• [DATA FOR THIS TASK]

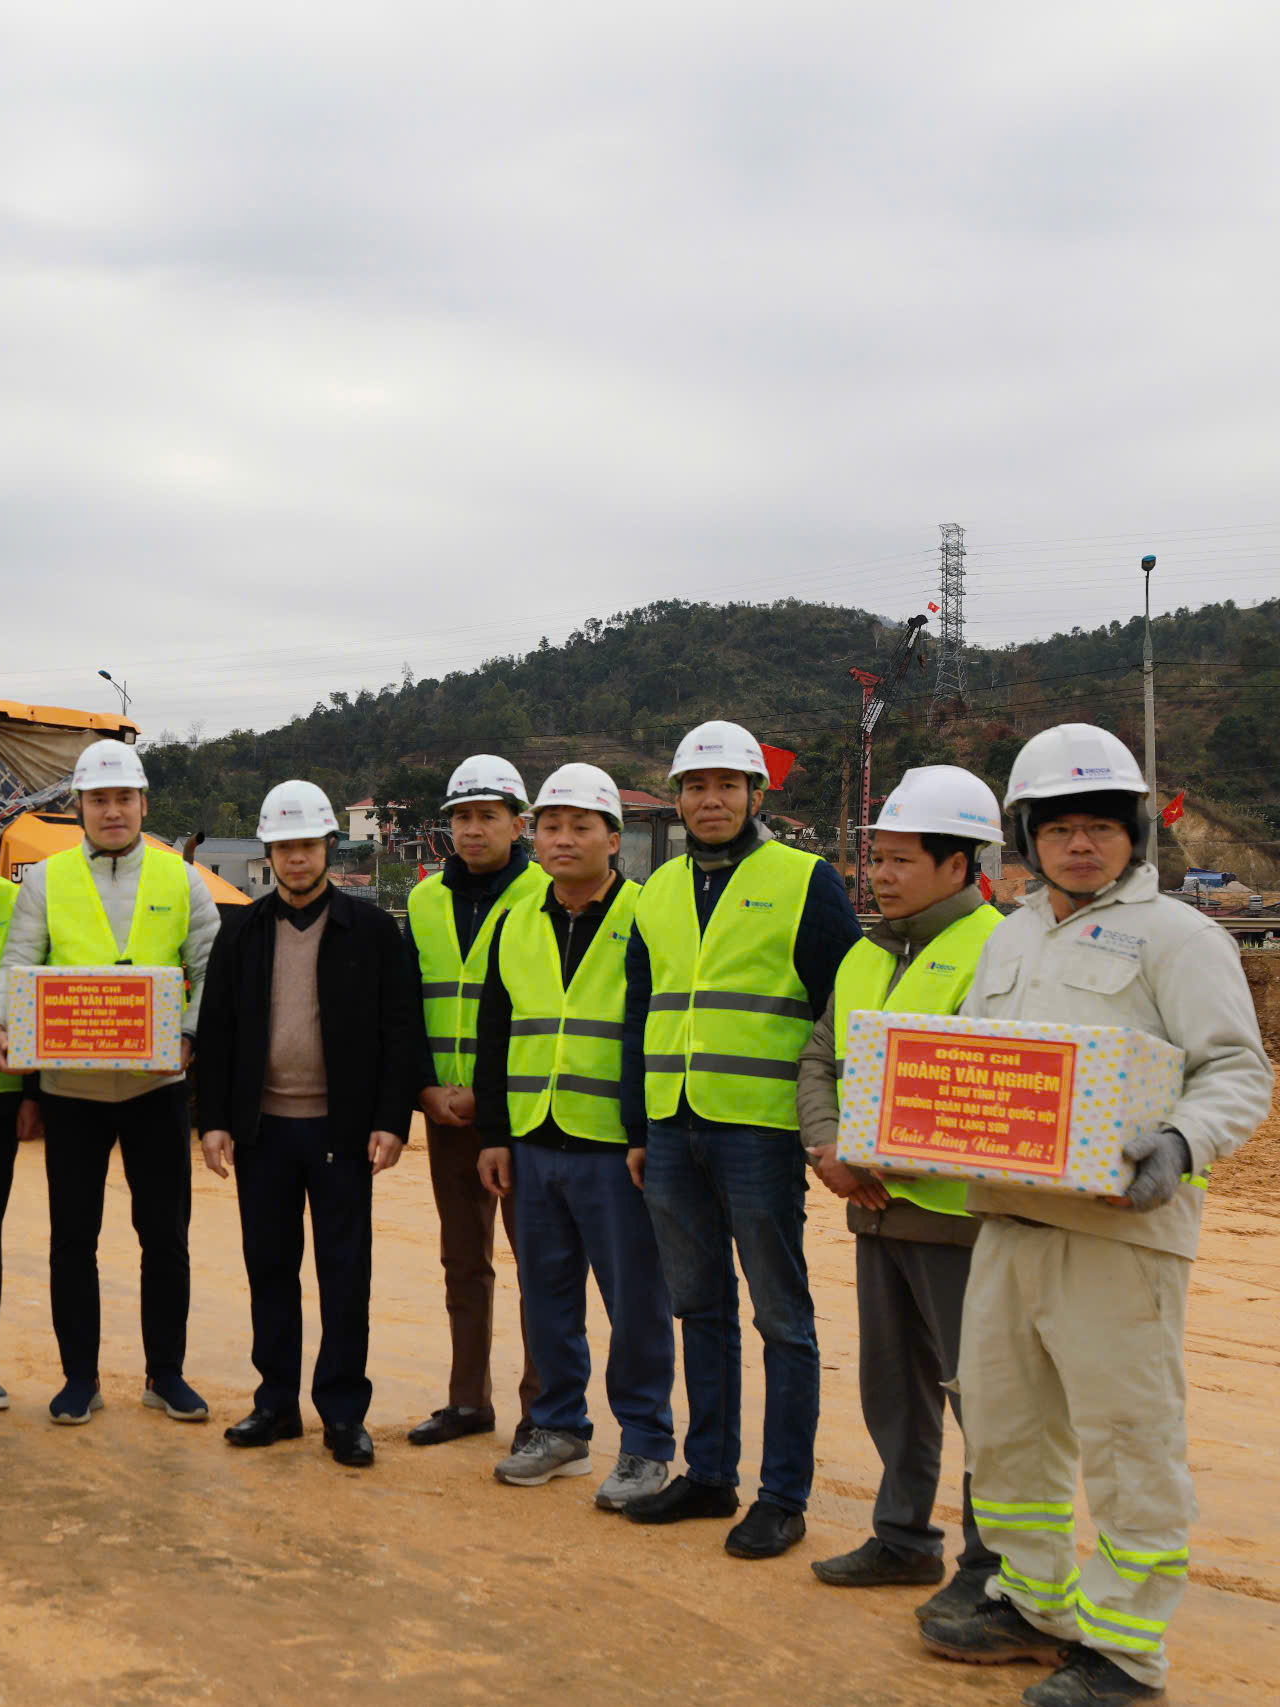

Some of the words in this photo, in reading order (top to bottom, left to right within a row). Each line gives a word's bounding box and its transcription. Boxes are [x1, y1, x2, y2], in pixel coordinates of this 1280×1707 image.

[989, 1052, 1021, 1066] CHÍ
[897, 1060, 951, 1081] HOÀNG
[955, 1064, 989, 1085] VĂN
[992, 1070, 1061, 1094] NGHIỆM
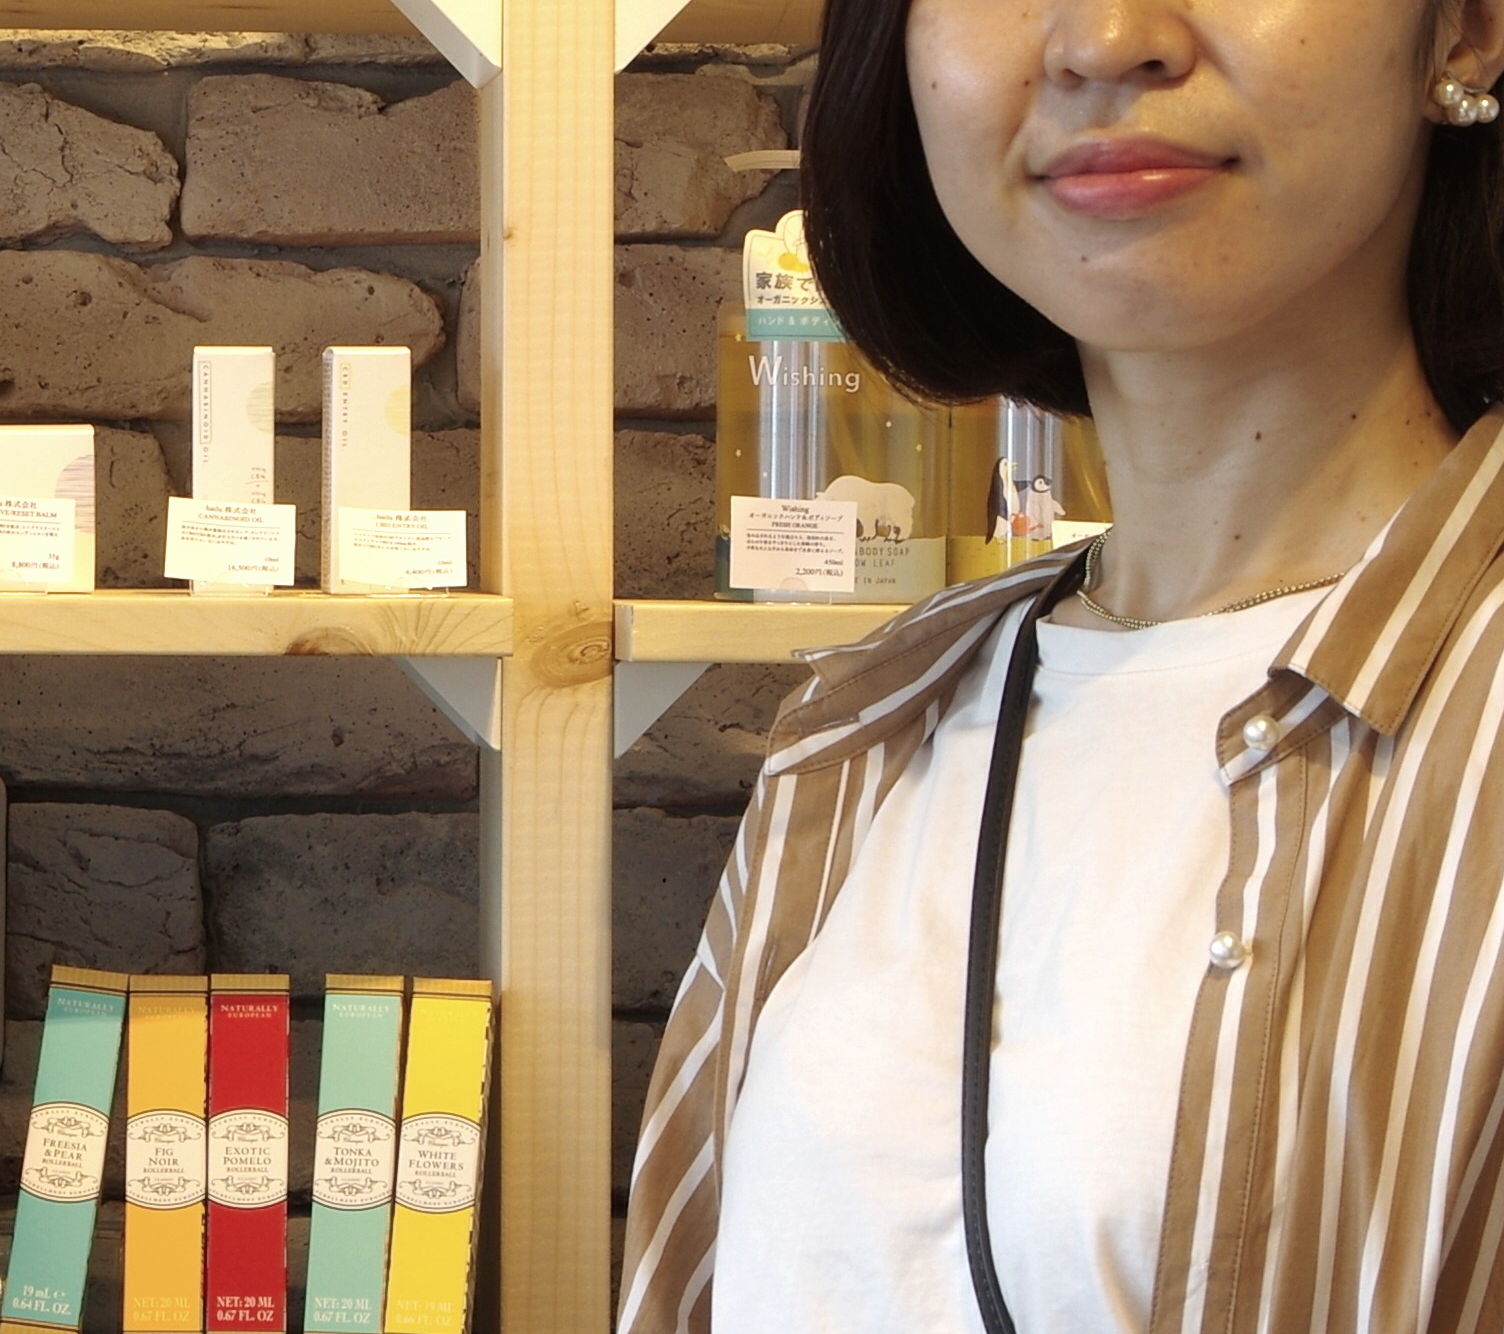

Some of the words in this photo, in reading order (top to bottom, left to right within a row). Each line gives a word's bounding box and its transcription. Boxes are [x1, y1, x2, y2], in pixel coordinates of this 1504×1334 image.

[748, 355, 860, 392] Wishing
[781, 505, 809, 513] Wishing
[43, 1138, 87, 1151] FREESIA
[155, 1148, 173, 1156] FIG
[225, 1147, 270, 1155] EXOTIC
[334, 1147, 371, 1157] TONKA
[418, 1150, 456, 1160] WHITE
[149, 1157, 178, 1165] NOIR
[223, 1157, 271, 1165] POMELO
[408, 1160, 464, 1171] FLOWERS
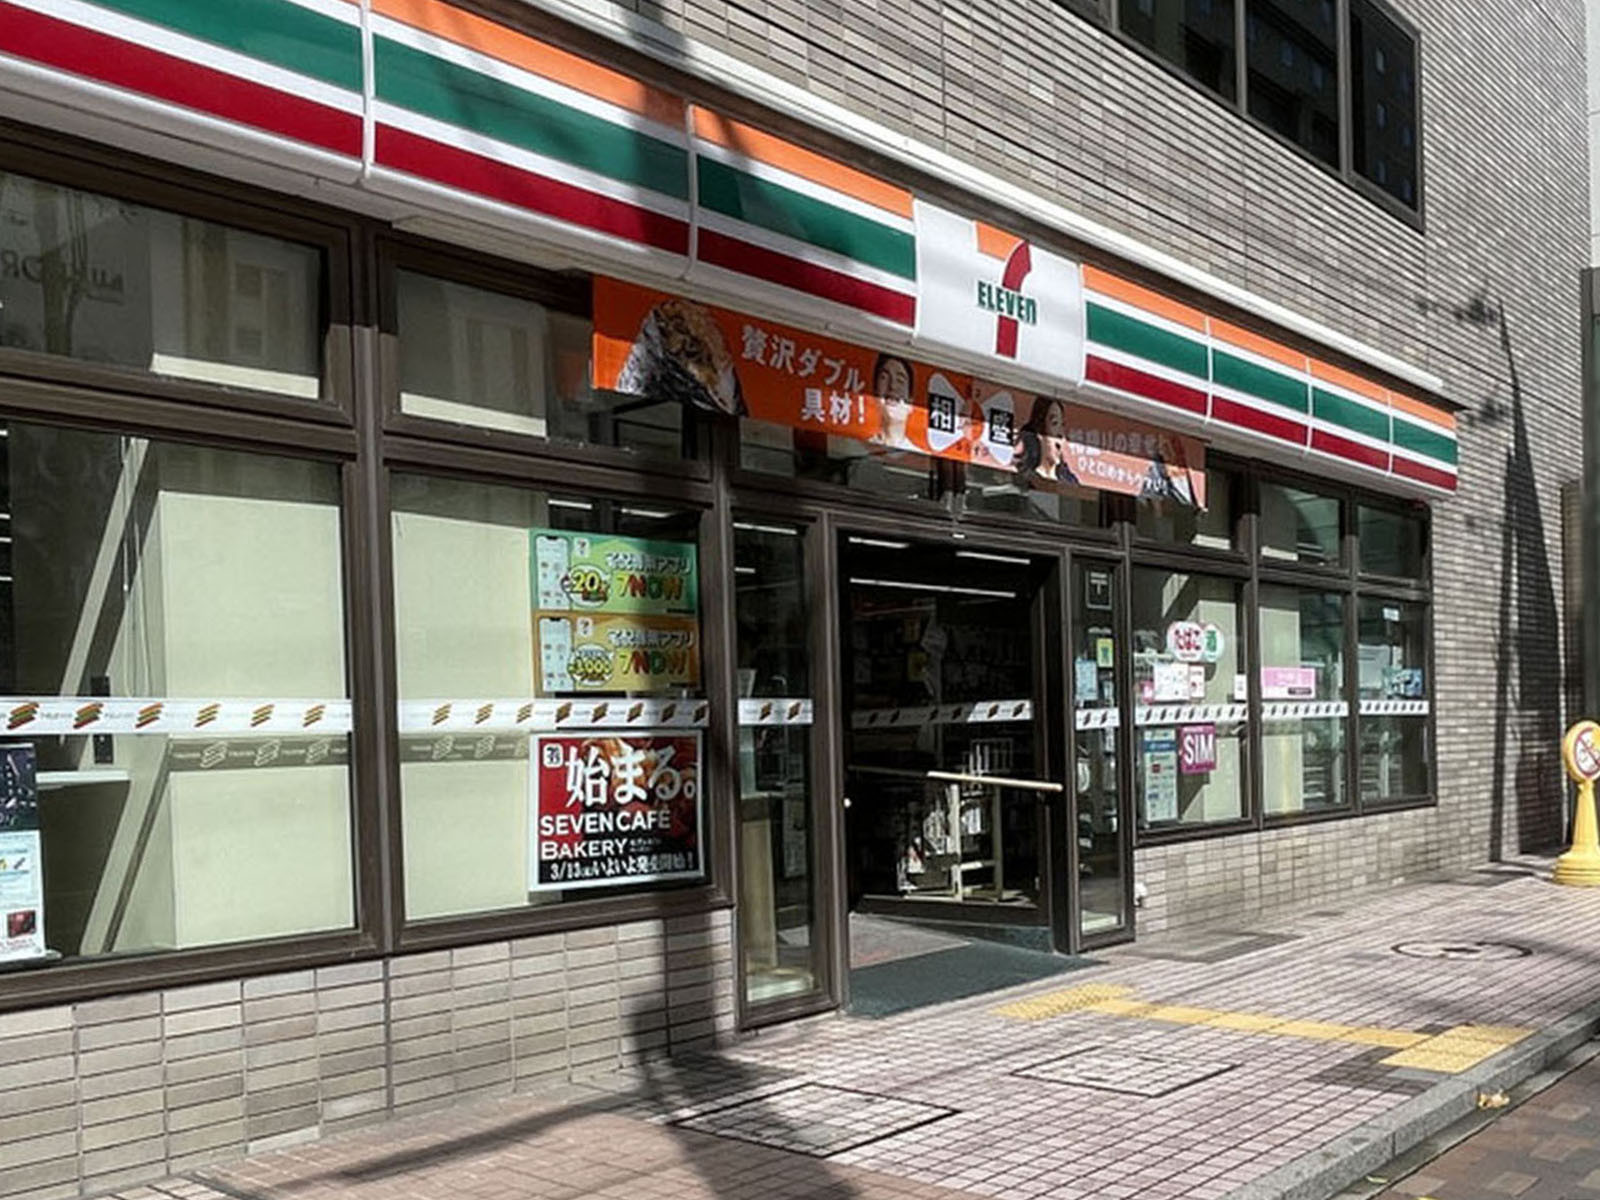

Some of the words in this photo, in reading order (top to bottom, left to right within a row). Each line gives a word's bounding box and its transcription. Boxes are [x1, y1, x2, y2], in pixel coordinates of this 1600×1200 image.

[741, 324, 866, 394] 贅沢ダブル
[1183, 733, 1216, 765] SIM
[564, 744, 697, 808] 始まる。
[540, 812, 614, 836] SEVEN
[541, 838, 628, 860] BAKERY
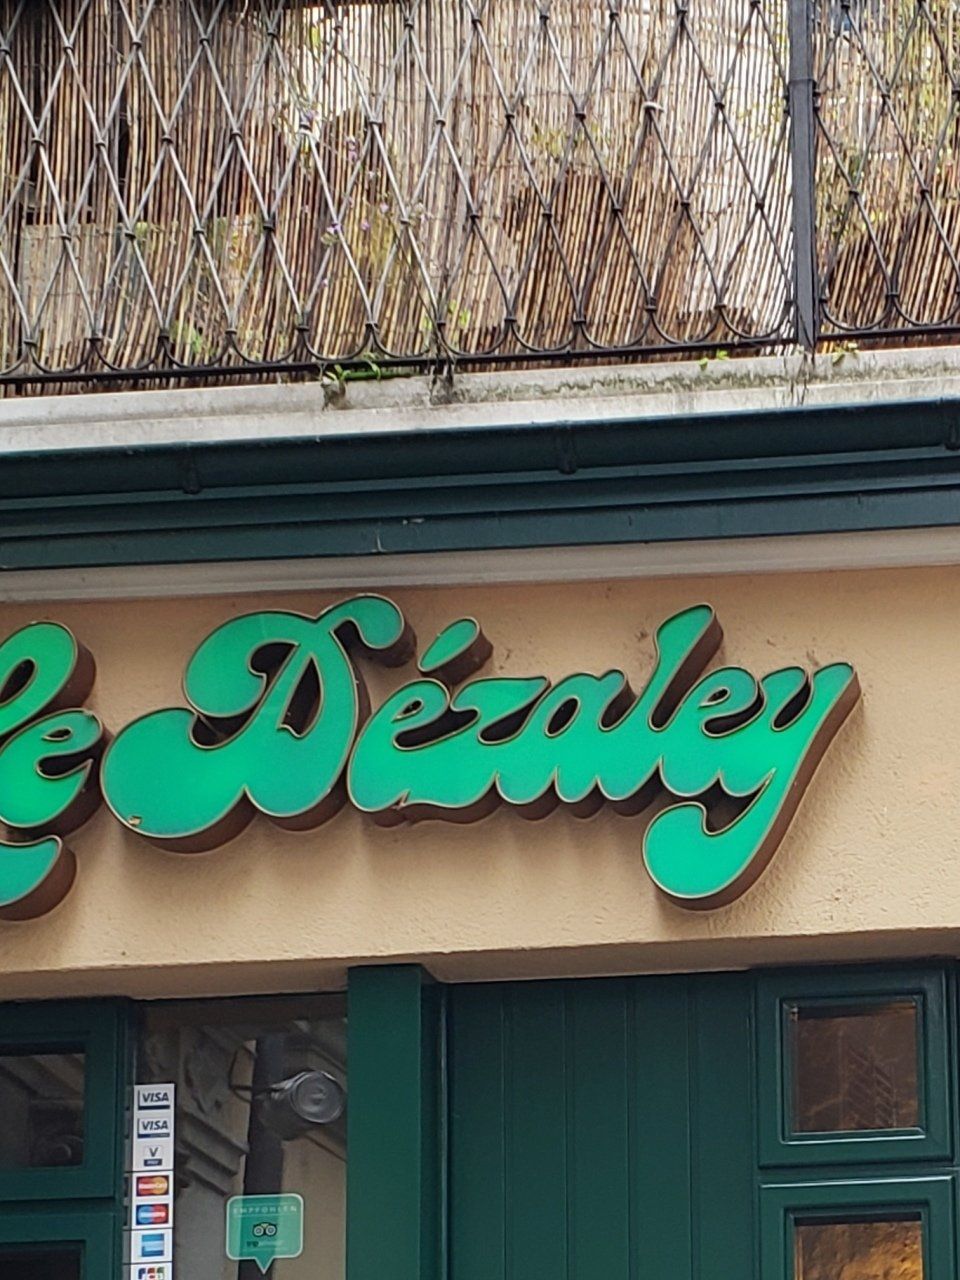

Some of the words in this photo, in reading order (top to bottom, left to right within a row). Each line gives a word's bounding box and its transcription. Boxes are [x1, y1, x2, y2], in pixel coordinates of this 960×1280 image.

[101, 593, 862, 908] Dézaley
[142, 1092, 170, 1102] VISA
[141, 1120, 169, 1131] VISA
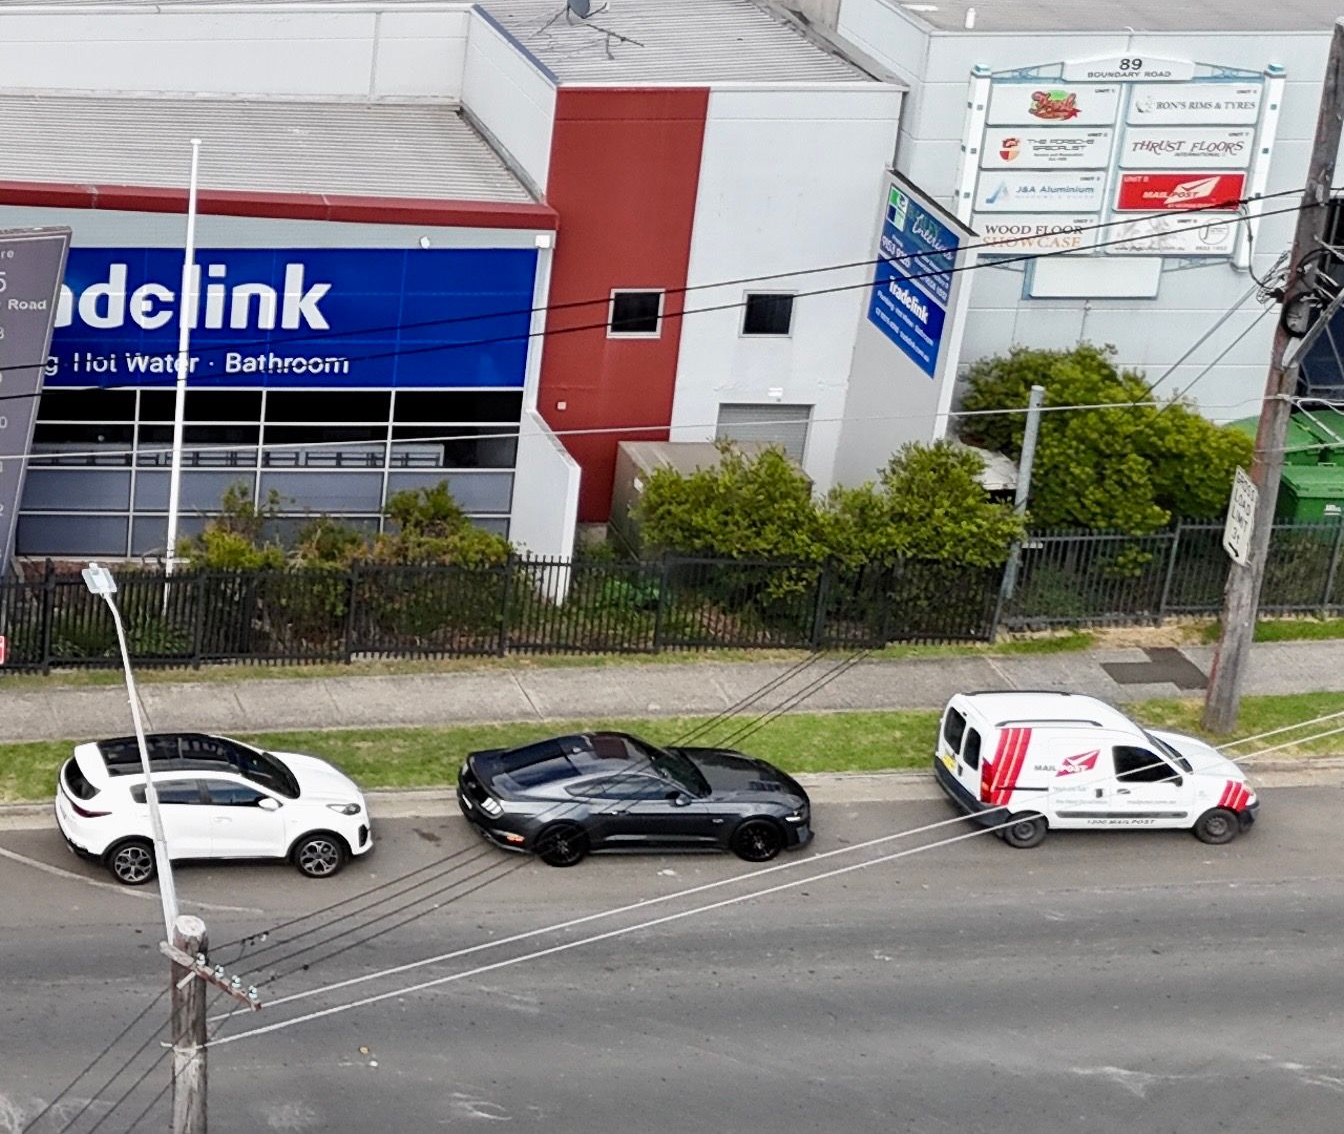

• [ABOUT THIS EXERCISE] Each of the entries above must be copied exactly, but the pictures stay out.

• [RESPONSE FOR THIS EXERCISE]
Some of the words in this photo, in reading order (top to bottom, left to right within a row). Each line gives a word's bounding box and its transcription. Boxes are [x1, y1, x2, y2], in pixel coordinates of this 1280×1707 image.

[989, 1052, 1021, 1066] CHÍ
[897, 1060, 951, 1081] HOÀNG
[955, 1064, 989, 1085] VĂN
[992, 1070, 1061, 1094] NGHIỆM

Some of the words in this photo, in reading order (top to bottom, left to right within a row). Each line gives a word's bounding box and its transcription. Boxes are [x1, y1, x2, y2], in pixel coordinates of this 1504×1334 image.

[748, 355, 860, 392] Wishing
[781, 505, 809, 513] Wishing
[43, 1138, 87, 1151] FREESIA
[155, 1148, 173, 1156] FIG
[225, 1147, 270, 1155] EXOTIC
[334, 1147, 371, 1157] TONKA
[418, 1150, 456, 1160] WHITE
[149, 1157, 178, 1165] NOIR
[223, 1157, 271, 1165] POMELO
[408, 1160, 464, 1171] FLOWERS

Some of the words in this photo, in reading order (top to bottom, left to right within a row). Each line gives a word's bounding box and its transcription. Boxes are [x1, y1, x2, y2], in pixel coordinates of this 1600×1200 image.

[741, 324, 866, 394] 贅沢ダブル
[1183, 733, 1216, 765] SIM
[564, 744, 697, 808] 始まる。
[540, 812, 614, 836] SEVEN
[541, 838, 628, 860] BAKERY

Some of the words in this photo, in reading order (top to bottom, left to right within a row). Each line gives a word's bounding box and its transcription. Boxes are [x1, y1, x2, y2], in pixel coordinates of this 960×1280 image.

[101, 593, 862, 908] Dézaley
[142, 1092, 170, 1102] VISA
[141, 1120, 169, 1131] VISA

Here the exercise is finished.